Usted está aquí: viernes 24 de junio de 2005 Opinión Lula: el desgaste del poder

Editorial

Lula: el desgaste del poder

La crisis política que sacude a Brasil obedece a una diversidad de factores en los ámbitos institucional, social, económico y, posiblemente, también judicial. En este sentido, la reciente caída del jefe del gabinete presidencial, José Dirceu, y la ramificación de escándalos por sobornos que afectan principalmente al gobernante Partido de los Trabajadores (PT), pero también a otros institutos políticos de la coalición de gobierno y de la oposición, es sólo el más reciente episodio de un proceso de desgaste político que comenzó poco después de que el actual mandatario, Luiz Inacio Lula da Silva, ex obrero metalúrgico y fundador del PT, tomara posesión del cargo, en enero de 2003.

Los primeros problemas para Lula da Silva no procedieron de los sectores oligárquicos del enorme país sudamericano ni del ámbito financiero internacional, como habría cabido esperar en el primer gobierno de izquierda, sino de sectores agrarios, sindicales y políticos ­algunos de ellos en el propio PT­ que en su momento respaldaron la cuarta campaña electoral del actual presidente y generaron expectativas tan vastas como poco realistas de transformaciones sociales inmediatas. Esos grupos muy pronto empezaron a chocar con los intentos de Lula por compatibilizar las anheladas reformas con la preservación de la política económica hasta entonces imperante, es decir, la neoliberal. Si bien esos disensos no inciden de manera directa en la génesis de la actual crisis, y por más que los inconformes de la izquierda anuncien en el momento presente movilizaciones en defensa de la estabilidad gubernamental (y en demanda, también, de un viraje en la estrategia económica), constituyen el primer factor de debilitamiento político de la actual administración brasileña.

Un punto que no debe ser soslayado es la descomposición que ha generado el ejercicio del poder en el propio PT, un fenómeno difícilmente evitable por las fuerzas políticas alternativas que acceden al gobierno, ya sea en Brasil o en cualquier otro país. Ciertamente, la corrupción en las instituciones brasileñas, mediana en el contexto latinoamericano, no fue inventada por el gobierno de Lula, sino que tiene mucha historia. Es significativo que una ligera mayoría de los brasileños piense que el fenómeno se ha reducido en comparación con los niveles que alcanzó durante el gobierno del antecesor de Lula, el socialdemócrata Fernando Henrique Cardoso.
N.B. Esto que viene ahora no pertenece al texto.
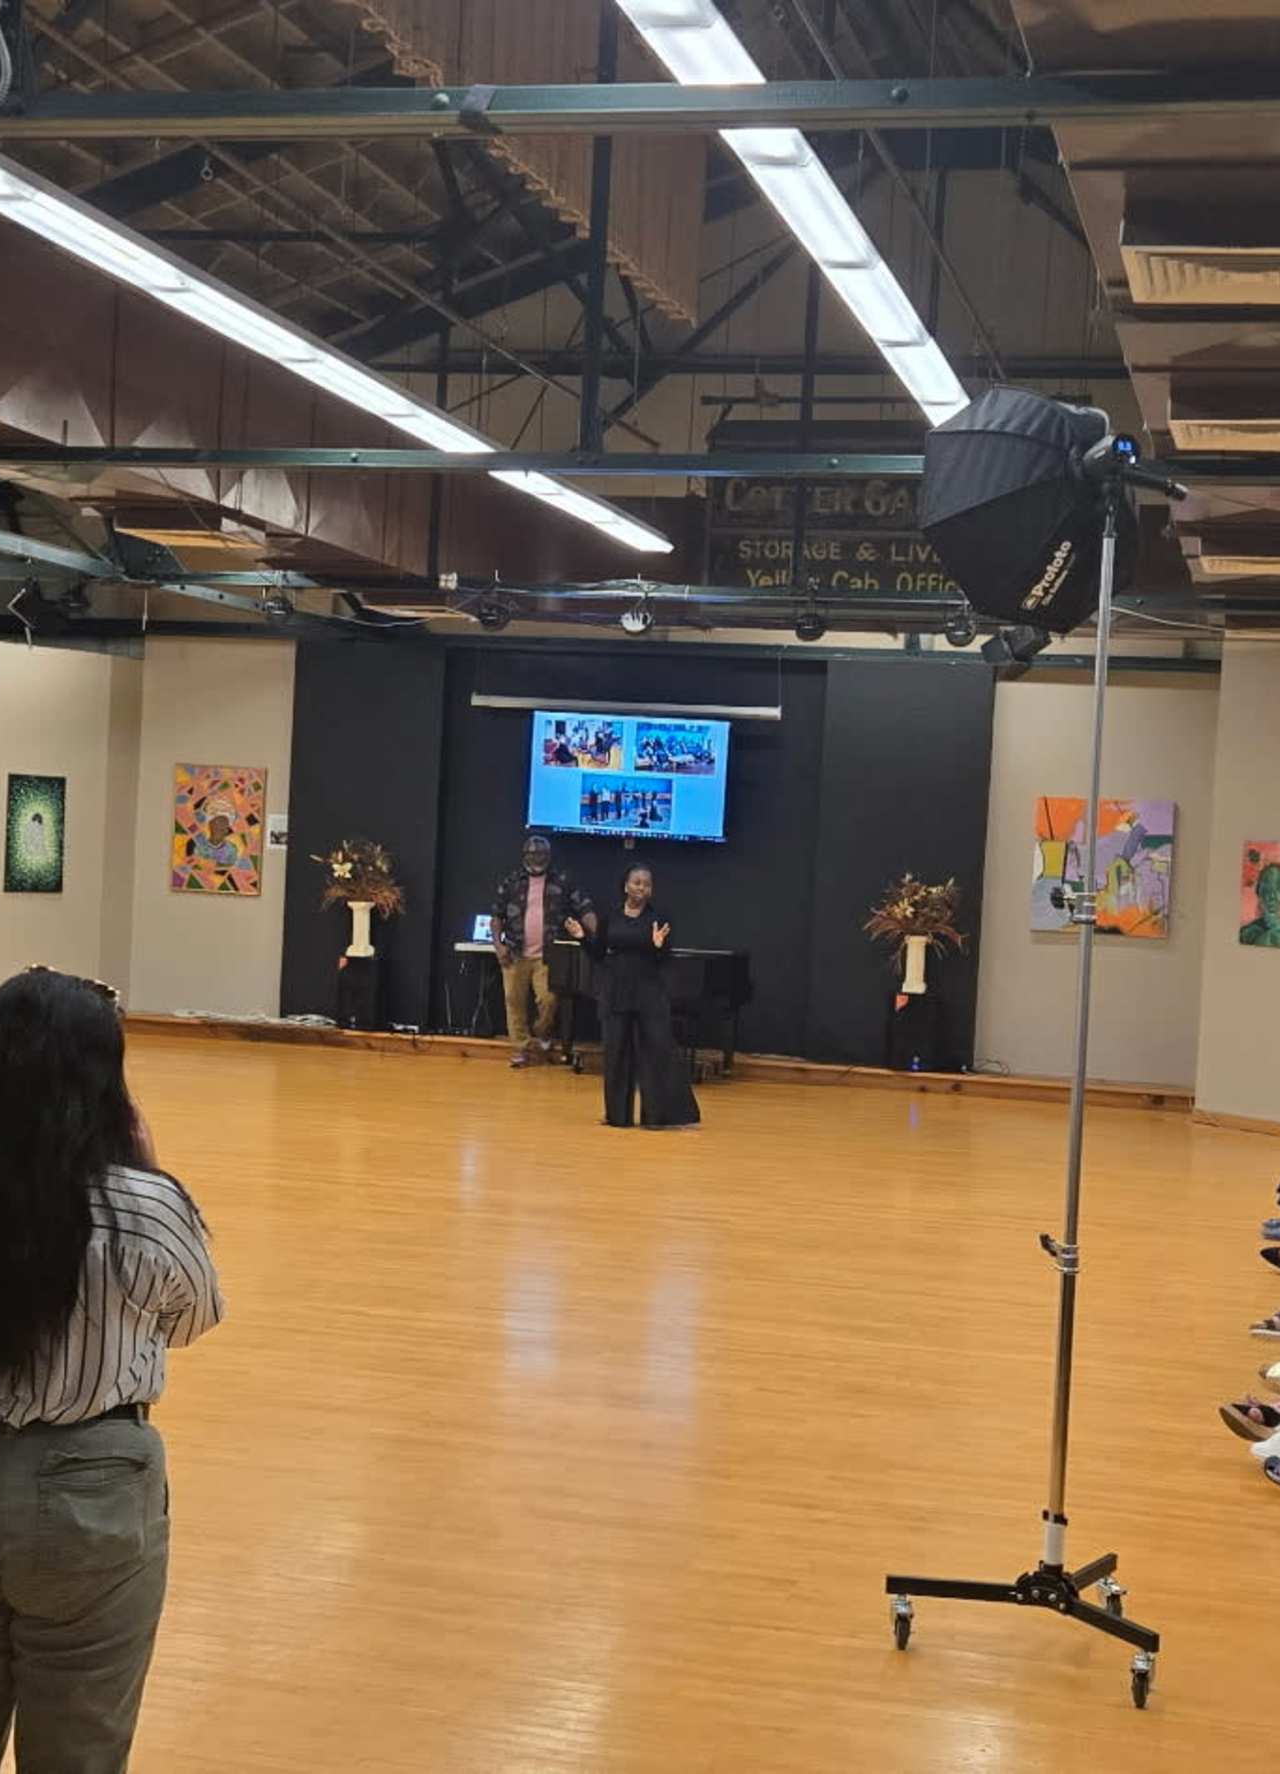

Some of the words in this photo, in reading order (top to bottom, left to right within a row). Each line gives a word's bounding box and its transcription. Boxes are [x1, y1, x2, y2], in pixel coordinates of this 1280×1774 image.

[724, 478, 853, 514] COTER
[738, 539, 842, 561] STORAGE
[855, 541, 881, 562] &
[890, 543, 942, 563] LIV
[746, 568, 820, 588] Yell
[831, 570, 880, 590] Cab
[1031, 540, 1072, 598] Profoto
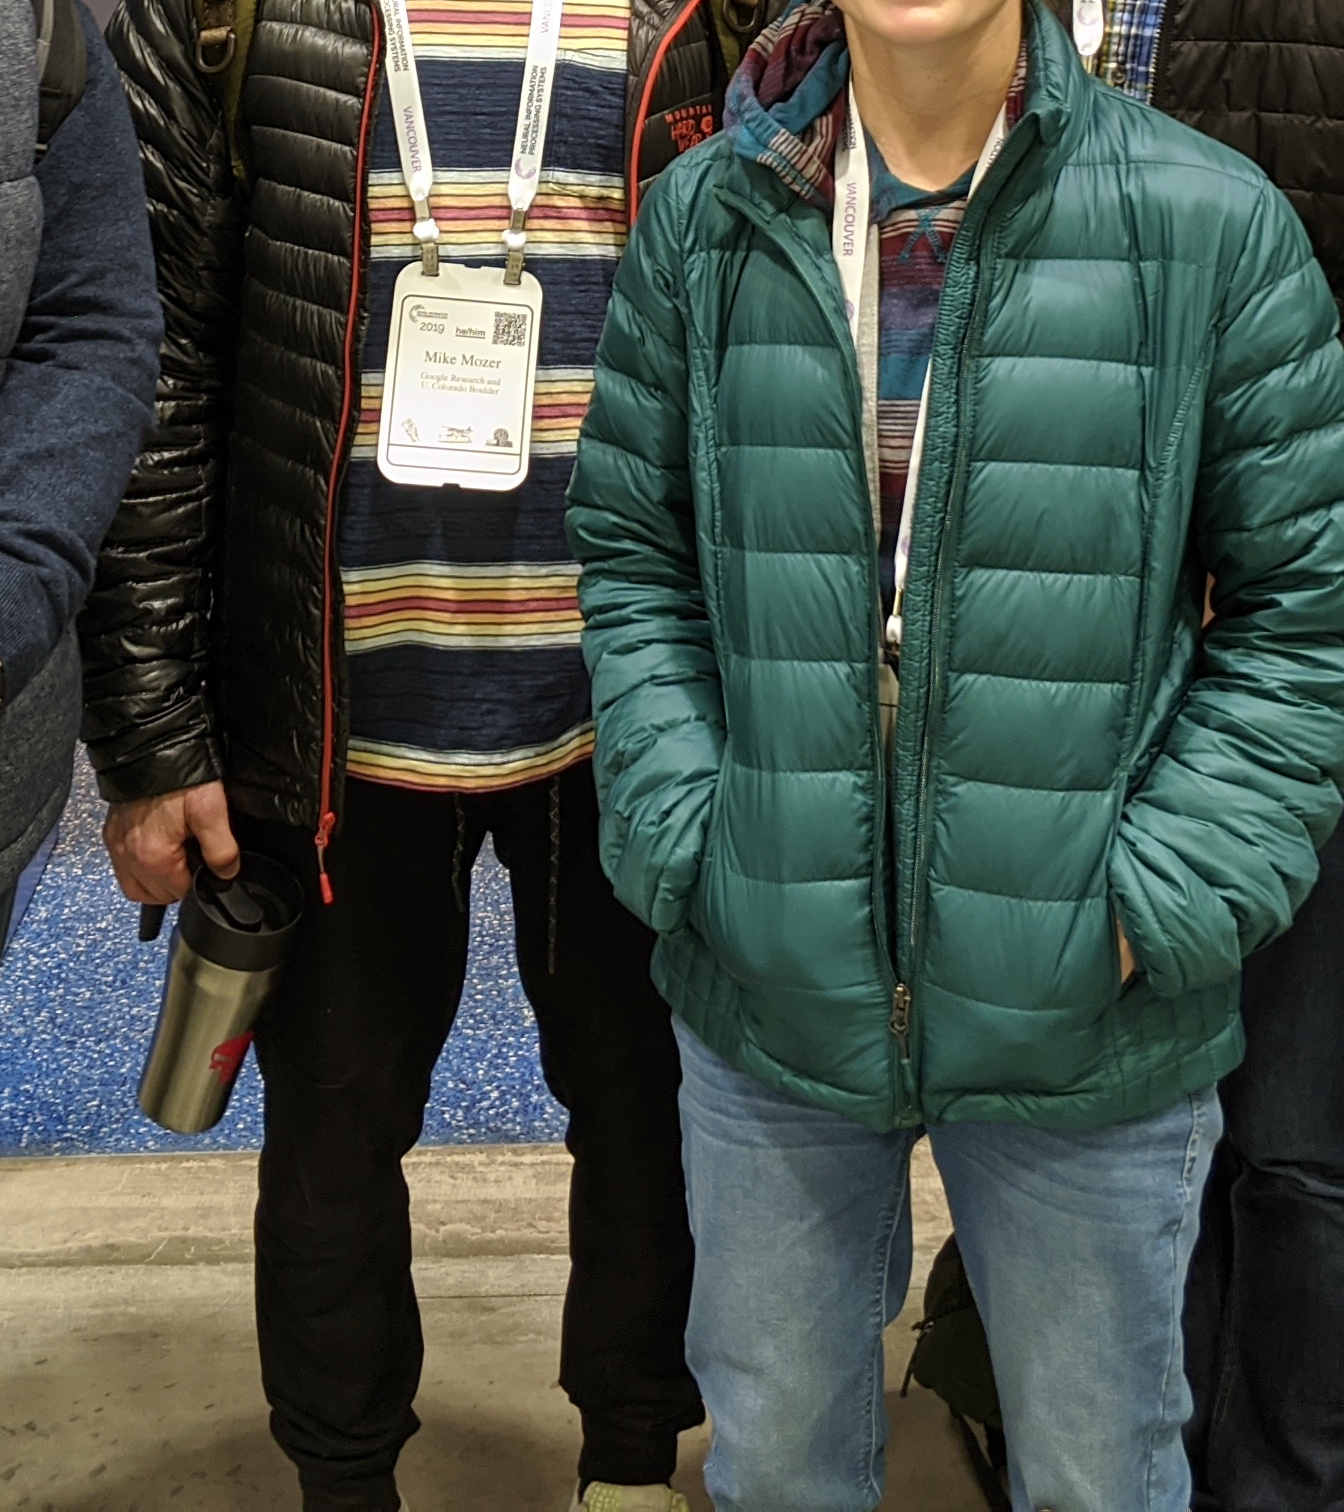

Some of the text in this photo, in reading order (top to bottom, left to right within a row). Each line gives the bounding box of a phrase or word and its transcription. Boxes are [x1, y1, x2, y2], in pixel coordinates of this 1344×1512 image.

[389, 36, 401, 73] SYSTEMS
[396, 19, 410, 72] INFORMATION
[520, 65, 538, 155] NEURAL INFORMATION
[528, 66, 547, 156] PROCESSING SYSTEMS
[664, 104, 712, 123] MOUNTAI
[402, 106, 422, 173] VANCOUVER
[843, 182, 857, 257] VANCOUVER
[420, 322, 486, 337] 2019 he/him
[424, 350, 502, 369] Mike Mozer
[420, 371, 501, 386] Google Research and
[432, 381, 467, 392] Colorado
[469, 385, 499, 395] Boulder
Pero sería absurdo ignorar que no todos los cuadros del PT convertidos en funcionarios han podido resistir a la tentación de enriquecerse con dineros públicos o de usarlos de manera indebida.

En el caso específico de Dirceu, las imputaciones en su contra están siendo analizadas por instancias legislativas y judiciales, y sería improcedente descartarlas o darlas por buenas sin disponer de elementos. Pero, sean ciertas o no tales acusaciones, el hecho es que la oposición política y los sectores oligárquicos han hallado en ellas un punto de articulación para impugnar al gobierno de Lula en su conjunto y buscar el fin anticipado de su gestión.

Ante esta acumulación de circunstancias adversas, el mandatario brasileño ha respondido con lentitud y con arrogancia, y no fue sino hasta ayer que corrigió el camino, admitió el tránsito de su gobierno por "momentos críticos" y expresó su compromiso de investigar y sancionar con "toda la fuerza de la ley" los presuntos actos de corrupción cometidos por algunos de sus colaboradores cercanos.

Más allá del contexto brasileño, los hechos comentados ponen de manifiesto las dificultades que deben enfrentar, en todos los ámbitos, los proyectos alternativos que han llegado al poder en diversos países de América Latina, y deben ser tomados en cuenta por los sectores políticos que aspiran a emprender, desde el gobierno, las transformaciones sociales, las rectificaciones económicas y los saneamientos institucionales que son, sin duda, urgentes en la mayoría de las naciones de la región.